La llegada de los misioneros portugueses a Japón no solo marcó un cambio en la vida de fe, sino también en la gastronomía. De ese encuentro cultural habría surgido la tempura, una fritura asociada originalmente a la Cuaresma.

La historia se remonta al siglo XVI, cuando los primeros misioneros jesuitas portugueses arribaron al archipiélago japonés para anunciar el Evangelio.

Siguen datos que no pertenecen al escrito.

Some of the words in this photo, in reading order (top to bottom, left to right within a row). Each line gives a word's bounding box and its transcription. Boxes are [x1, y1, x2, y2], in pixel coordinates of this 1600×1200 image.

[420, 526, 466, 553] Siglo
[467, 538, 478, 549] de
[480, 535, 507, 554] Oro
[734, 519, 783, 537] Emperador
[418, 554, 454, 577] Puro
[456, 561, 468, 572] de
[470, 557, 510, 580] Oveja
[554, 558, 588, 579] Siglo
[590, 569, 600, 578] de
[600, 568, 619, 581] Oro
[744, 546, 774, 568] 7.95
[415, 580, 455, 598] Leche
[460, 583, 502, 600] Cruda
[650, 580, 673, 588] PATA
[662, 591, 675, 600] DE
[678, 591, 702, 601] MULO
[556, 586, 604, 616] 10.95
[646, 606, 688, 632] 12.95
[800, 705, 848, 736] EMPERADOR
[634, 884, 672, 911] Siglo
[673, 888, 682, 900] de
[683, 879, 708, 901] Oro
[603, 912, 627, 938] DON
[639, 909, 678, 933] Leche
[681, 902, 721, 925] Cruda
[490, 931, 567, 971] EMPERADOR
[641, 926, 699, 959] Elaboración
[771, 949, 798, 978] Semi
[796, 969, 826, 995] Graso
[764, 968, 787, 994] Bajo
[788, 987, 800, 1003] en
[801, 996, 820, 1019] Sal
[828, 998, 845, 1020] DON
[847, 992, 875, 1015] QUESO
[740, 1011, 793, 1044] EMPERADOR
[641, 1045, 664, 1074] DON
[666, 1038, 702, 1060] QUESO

Junto con la fe, llevaron consigo diversas costumbres europeas, entre ellas, formas particulares de preparar los alimentos durante los tiempos litúrgicos.

Durante la Cuaresma, especialmente los viernes, la Iglesia nos invita a vivir la abstinencia, que consiste en dejar de consumir carne de mamíferos y aves como signo de sacrificio y conversión. Por ello, muchos fieles recurren a platos a base de pescado, mariscos y verduras.

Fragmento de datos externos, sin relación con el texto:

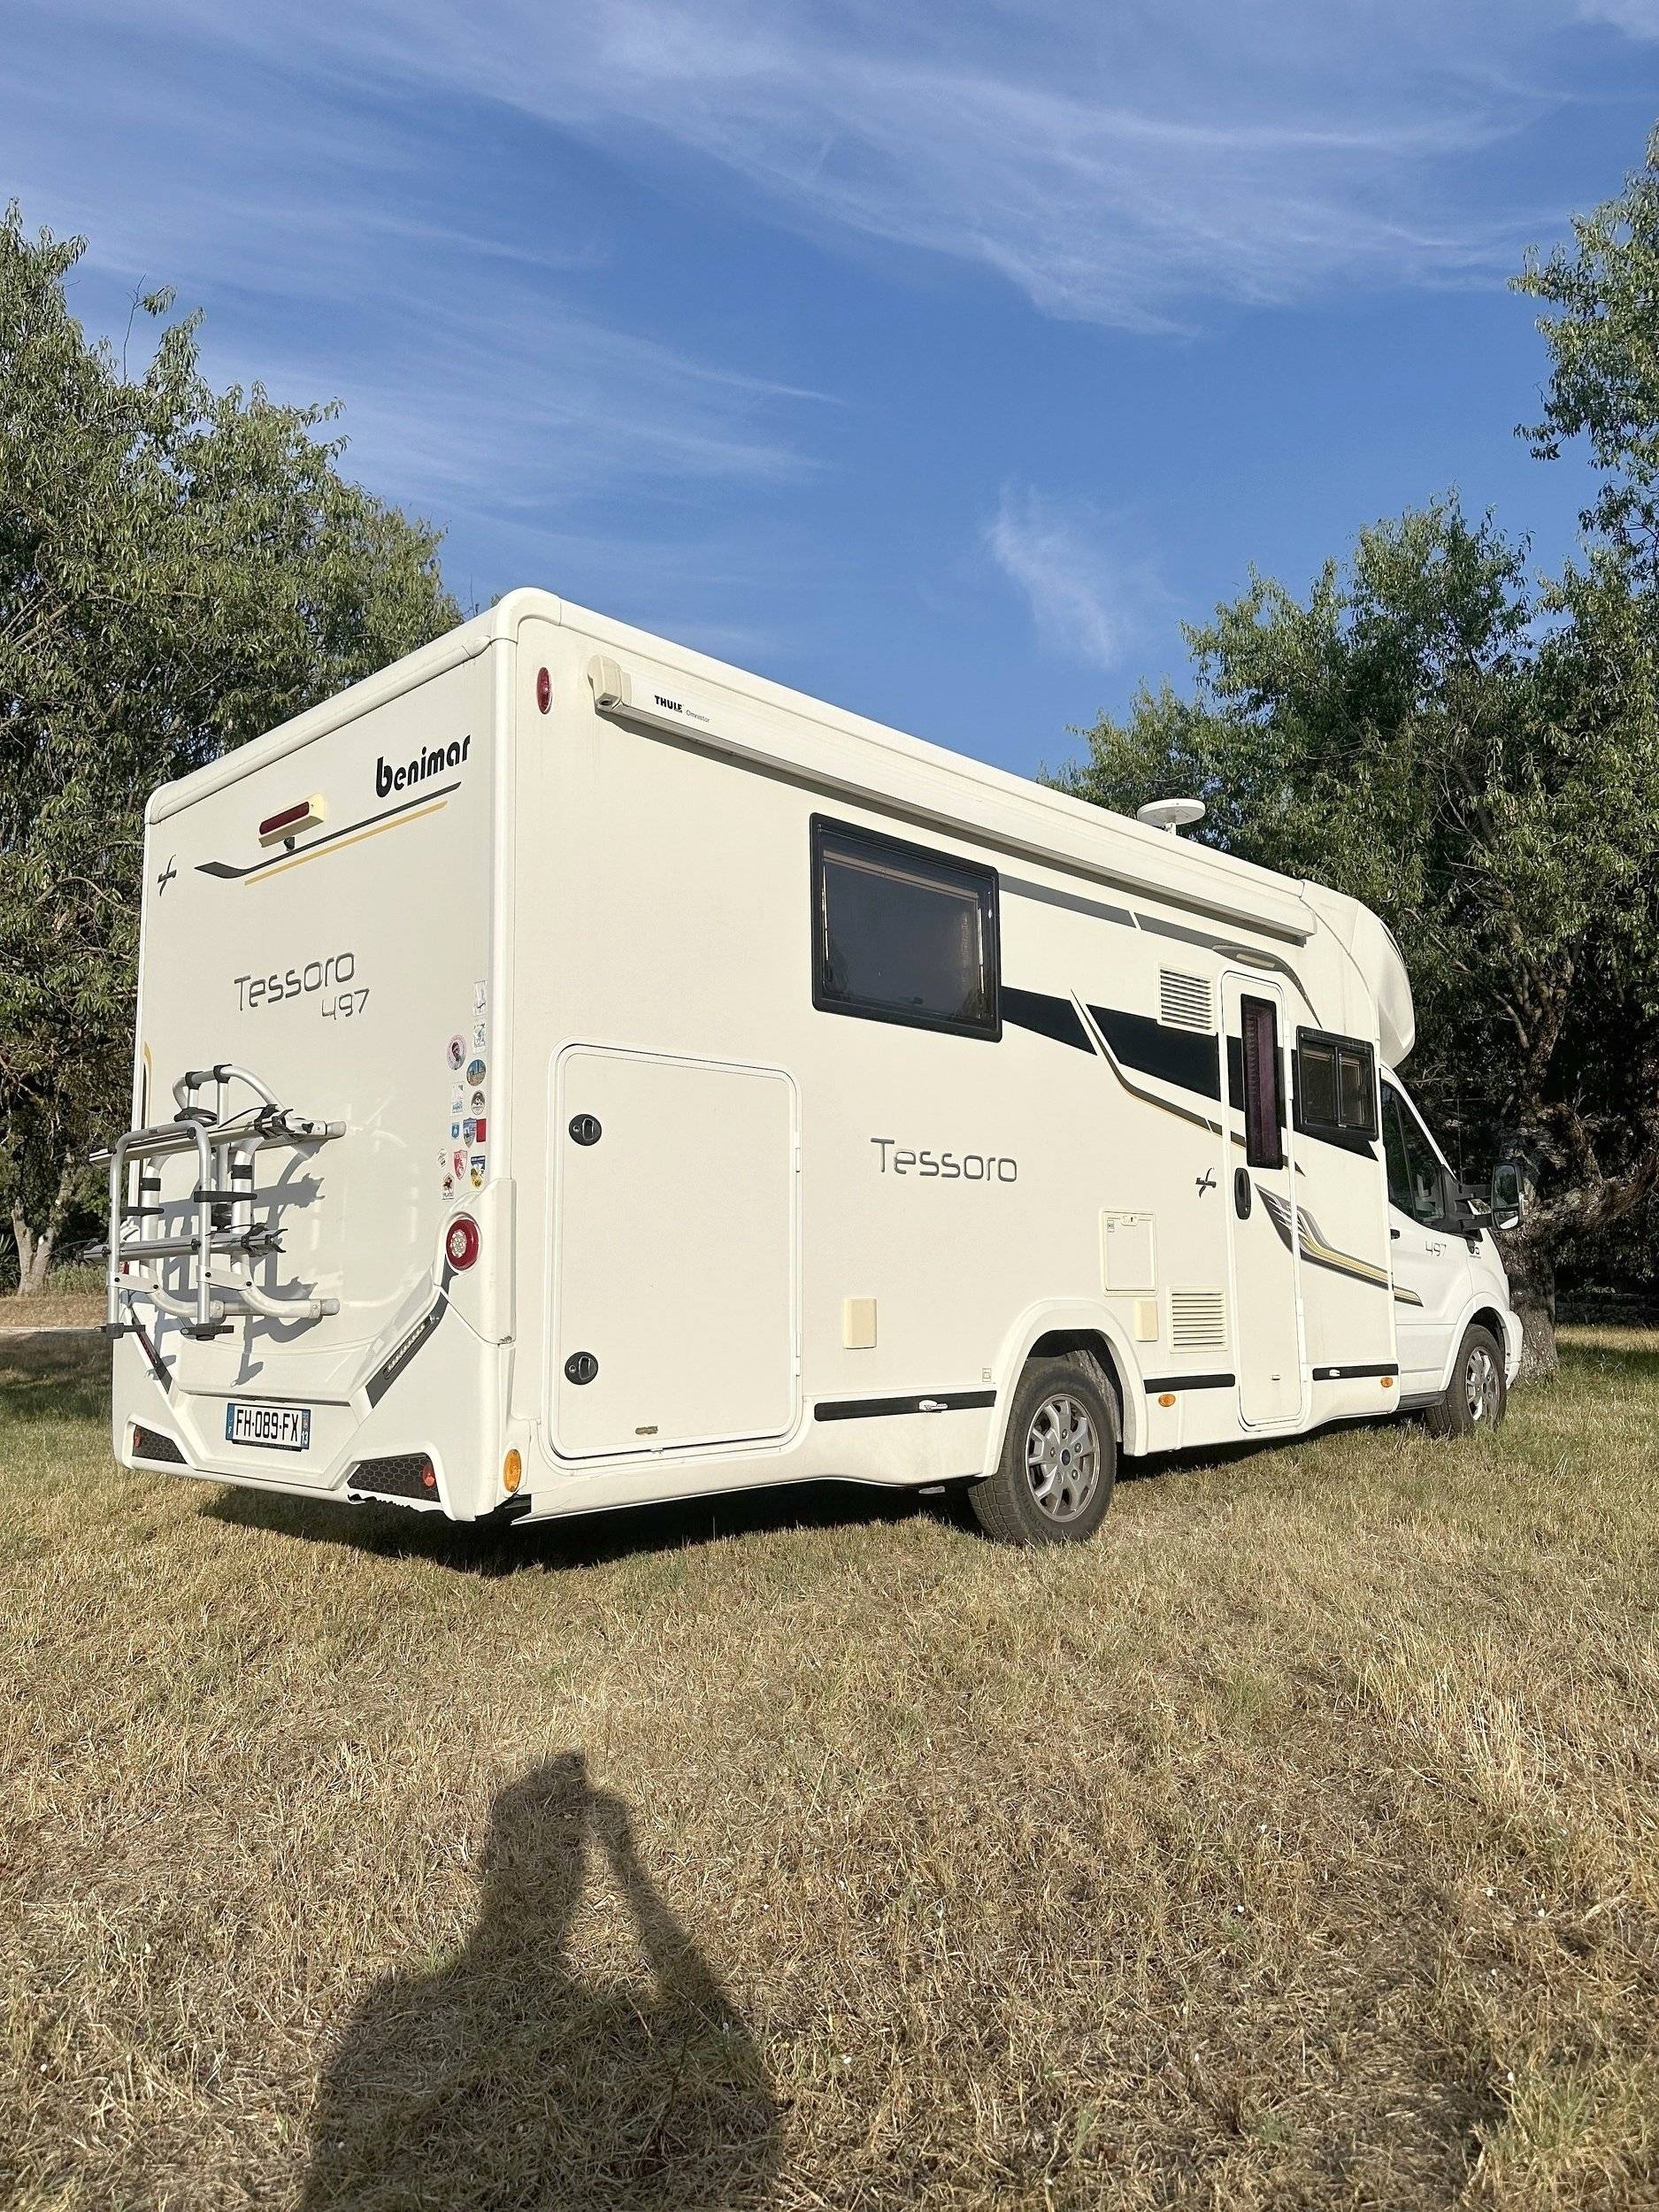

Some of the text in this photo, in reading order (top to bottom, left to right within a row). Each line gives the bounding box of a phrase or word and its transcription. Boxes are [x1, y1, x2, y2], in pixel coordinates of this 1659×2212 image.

[655, 695, 682, 710] THULE
[376, 734, 471, 797] benimar
[234, 952, 355, 1011] Tessoro
[321, 987, 370, 1020] 497
[871, 1137, 1018, 1182] Tessoro
[1425, 1240, 1447, 1258] 497
[235, 1409, 299, 1442] FH-089-FX
[301, 1430, 309, 1445] 13

En Portugal, era habitual preparar estos alimentos rebozados o fritos, dando lugar a un estilo culinario conocido como peixinhos da horta (“pececillos del huerto”): una receta sencilla de vegetales cubiertos con una ligera masa y fritos en aceite, típica de los días de ayuno y penitencia.

Si bien el origen exacto del nombre no está del todo claro, una de las teorías más difundidas sostiene que proviene del latín ad tempora quadragesimae, que significa “hacia la Cuaresma”, en referencia al tiempo litúrgico en el que se consumía este tipo de preparación. Con el paso del tiempo, esta expresión habría sido adaptada al idioma local hasta quedar simplemente en “tempura”.

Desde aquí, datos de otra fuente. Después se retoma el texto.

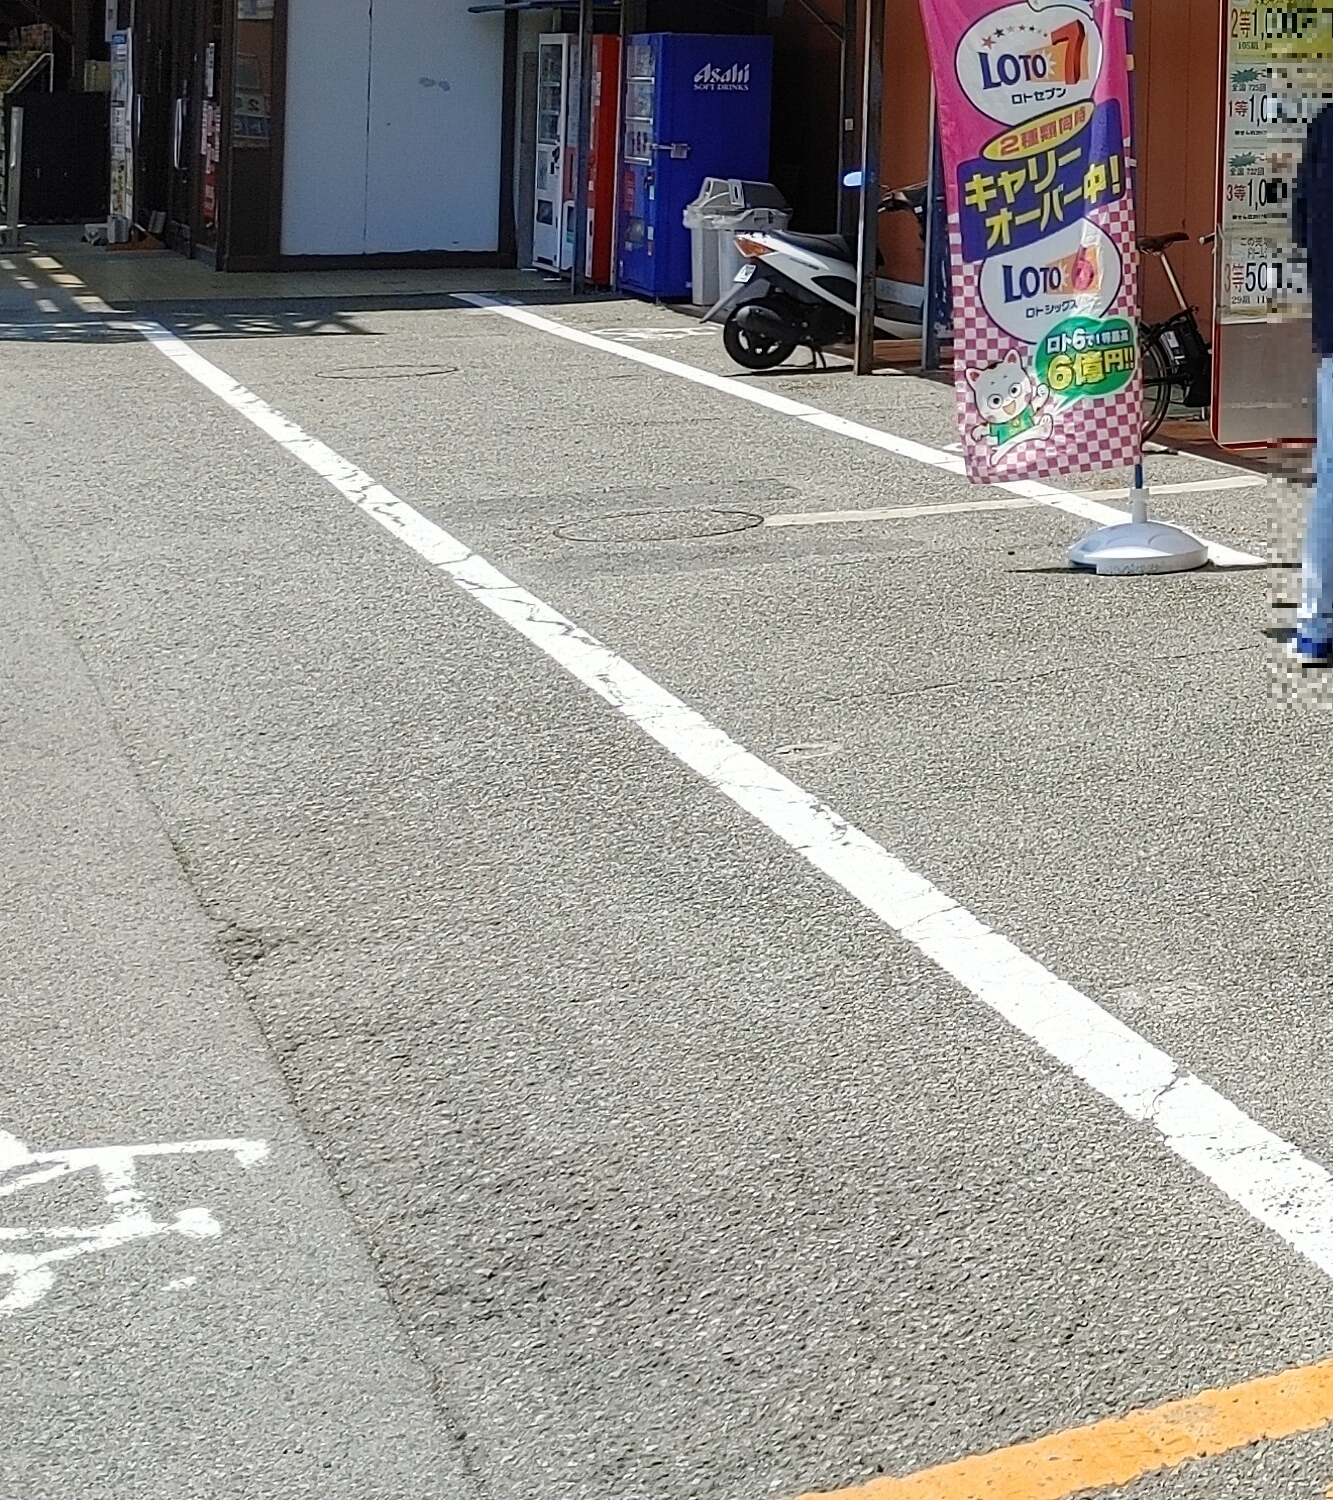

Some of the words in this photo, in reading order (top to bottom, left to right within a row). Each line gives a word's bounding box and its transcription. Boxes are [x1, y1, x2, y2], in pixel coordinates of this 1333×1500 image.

[693, 62, 750, 83] Asahi
[977, 51, 1047, 92] LOTO
[1049, 19, 1088, 88] 7
[693, 83, 715, 91] SOFT
[717, 84, 750, 92] DRINKS
[1010, 86, 1067, 106] ロトセブン
[964, 146, 1083, 214] キャリー
[986, 155, 1123, 250] オーバー中!
[1002, 265, 1062, 304] LOTO
[1026, 298, 1079, 319] ロトシックス
[1047, 346, 1135, 390] 6億円!!

Con el paso del tiempo, esta técnica fue adoptada por la población local y adaptada a los ingredientes y gustos japoneses. Así habría nacido la tempura, un platillo que, siglos después, se convertiría en un símbolo de la gastronomía japonesa.

El posible otro origen del nombre

Existe otra posible explicación para el origen de este nombre.

Algunas fuentes señalan que el término podría derivar del portugués tempero, que significa “condimento” o “sazonar”, en referencia al modo de preparar los alimentos.

Aunque no se pueda afirmar con certeza absoluta el origen del nombre, lo que sí resulta claro es que una práctica nacida en el contexto de la Cuaresma terminó transformándose en una receta apreciada en todo el mundo.